On the heels of agreeing to buy a 49 percent stake in Virgin Atlantic from Singapore Airlines for $360 million on Tuesday, Delta Air Lines Inc. held its annual investor day conference on Wednesday, Dec. 12, in Atlanta and detailed the restructuring of its fleet, which will affect flights between Memphis and Birmingham.
The $3 billion transatlantic joint venture with Virgin Atlantic will give Delta more access at London’s Heathrow Airport, one of the world’s busiest hubs. Takeoff and landing rights are limited because of high demand and tight capacity. Delta and Virgin will now have a combined 25 percent share of flights between the overall U.S. and Heathrow and 37 percent share between Heathrow and New York.
Virgin Group, led by the British billionaire Sir Richard Branson, still controls a 51 percent majority in Virgin Atlantic.
Delta held its first investor day in 2007, and this year’s event featured details on the ongoing restructuring of Delta’s fleet as part of its domestic fleet optimization plan.
The airline announced in June that it will introduce 88 Boeing 717-200 aircraft to its fleet starting next year.
Delta, which will lease the planes from Southwest Airlines Co., will take delivery of 16 Boeing 717s in 2013, 36 in 2014 and the remaining 36 in 2015.
“The 717 opportunity popped up. … If you saw the prices and the capital, you would say you could never pass that deal,” Delta CEO Richard Anderson said in the investor day webcast.
Delta plans to reduce its fleet of 50-seat RJs from 474 in 2009 to only 125 by 2015.
“I affectionately refer to the 50-seat RJ within our family as the Rodney Dangerfield of the fleet. It can’t get respect from anyone,” said Edward H. Bastian, president of Delta.
The move will affect flights between Memphis and Birmingham.
“As we refleet the airline and re-engineer it to be more efficient, we believe that by eliminating the 50-seat regional jet service between Birmingham and Memphis and upgauging the Birmingham to Atlanta service to be on medium-sized RJs or smaller, narrow bodies like the 717s we will be able to produce a product that is not only more appealing to our customer base but also will be much more efficient for us to produce,” said Glen W. Hauenstein, Delta executive vice president of network planning, revenue management and marketing.
The airline will save $400 million to $500 million in maintenance costs over the next three years by not performing heavy maintenance on the aging 50-seat planes.
Last week Delta announced an order for an additional 40 CRJ-900s, and it plans to increase its two-class RJ inventory from 219 planes in 2009 to 295 by 2015.
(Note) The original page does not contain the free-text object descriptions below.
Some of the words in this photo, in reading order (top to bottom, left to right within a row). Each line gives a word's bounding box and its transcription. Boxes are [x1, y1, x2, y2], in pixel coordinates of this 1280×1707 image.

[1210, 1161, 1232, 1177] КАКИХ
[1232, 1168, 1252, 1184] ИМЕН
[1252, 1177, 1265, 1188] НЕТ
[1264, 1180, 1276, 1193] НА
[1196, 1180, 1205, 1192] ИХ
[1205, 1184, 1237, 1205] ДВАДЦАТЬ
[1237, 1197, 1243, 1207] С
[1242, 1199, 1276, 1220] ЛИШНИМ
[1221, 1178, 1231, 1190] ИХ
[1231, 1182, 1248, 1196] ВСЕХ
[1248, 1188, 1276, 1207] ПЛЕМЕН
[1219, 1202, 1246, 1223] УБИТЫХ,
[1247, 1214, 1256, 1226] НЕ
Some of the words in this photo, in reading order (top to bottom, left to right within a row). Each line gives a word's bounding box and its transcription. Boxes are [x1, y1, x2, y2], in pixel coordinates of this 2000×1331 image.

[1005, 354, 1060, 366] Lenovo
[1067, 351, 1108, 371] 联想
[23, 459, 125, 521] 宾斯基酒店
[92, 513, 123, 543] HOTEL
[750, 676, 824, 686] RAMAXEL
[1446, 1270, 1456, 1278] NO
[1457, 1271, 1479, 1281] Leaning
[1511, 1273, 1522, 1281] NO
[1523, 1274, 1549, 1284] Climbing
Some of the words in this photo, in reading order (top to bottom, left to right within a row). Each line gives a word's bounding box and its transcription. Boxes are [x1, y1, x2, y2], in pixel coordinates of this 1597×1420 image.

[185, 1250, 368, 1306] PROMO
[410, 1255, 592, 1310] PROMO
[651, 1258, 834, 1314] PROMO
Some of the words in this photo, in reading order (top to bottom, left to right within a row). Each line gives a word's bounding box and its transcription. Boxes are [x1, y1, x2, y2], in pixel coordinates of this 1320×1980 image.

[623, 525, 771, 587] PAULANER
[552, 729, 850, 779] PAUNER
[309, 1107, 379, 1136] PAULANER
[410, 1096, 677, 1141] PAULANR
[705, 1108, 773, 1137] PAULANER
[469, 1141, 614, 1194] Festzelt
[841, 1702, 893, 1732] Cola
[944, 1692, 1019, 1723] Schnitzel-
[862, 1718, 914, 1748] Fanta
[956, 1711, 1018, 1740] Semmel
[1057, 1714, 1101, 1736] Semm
Overall, Delta will increase its mainline aircraft total from 594 planes in 2009 to 675 mainline aircraft in 2015.
The new Virgin deal gives Delta chance to acquire a fully refurbished fleet from Virgin, and it enables Delta to refleet and operate at the same capacity with many fewer airplanes. Anderson called it a “perfect trade” for Delta.
“The important thing about our fleet plan is when you own 90 percent of your fleet and you have a large number of airplanes that are fully depreciated without a monthly payment you can manage your capacity to match supply and fuel prices,” Anderson said. “We do not get focused on one supplier or another supplier or a certain fleet type.”
Delta also hopes to grow its newly designed website, delta.com, into one of the top travel sites in the world for booking flights, hotels and rental cars. The company has invested $140 million into the new site over the past two years.
Industry consolidation of the past few years has resulted in the mergers of Delta/Northwest, Southwest/Air Tran, and Continental/United, and an American Airlines and U.S. Airways merger could be completed soon, taking the airline industry down to four main participants in the U.S.
“Having concluded our mergers quite successfully, it has given us a significant lead in the industry,” Anderson said. “And it’s a lead that we don’t intend on relinquishing. Consolidation will continue both domestically and internationally.”
Despite a $50 million impact on Delta’s business this year from Hurricane Sandy, 2012 is on target to be strong for the airline.
“2012 will shape up to be quite a good year,” said Anderson. “We expect a profit of about $1.6 billion, which will be about a 30 percent improvement year-over-year or $350 million.”
Delta achieved a 10 percent return on invested capital (ROIC) during 2010, 2011 and 2012, and generated $4 billion in free cash flow during the three-year period. The company has also reduced its debt and will reach its debt goal of $10 billion next year.
Next year Delta expects to benefit from lower fuel costs.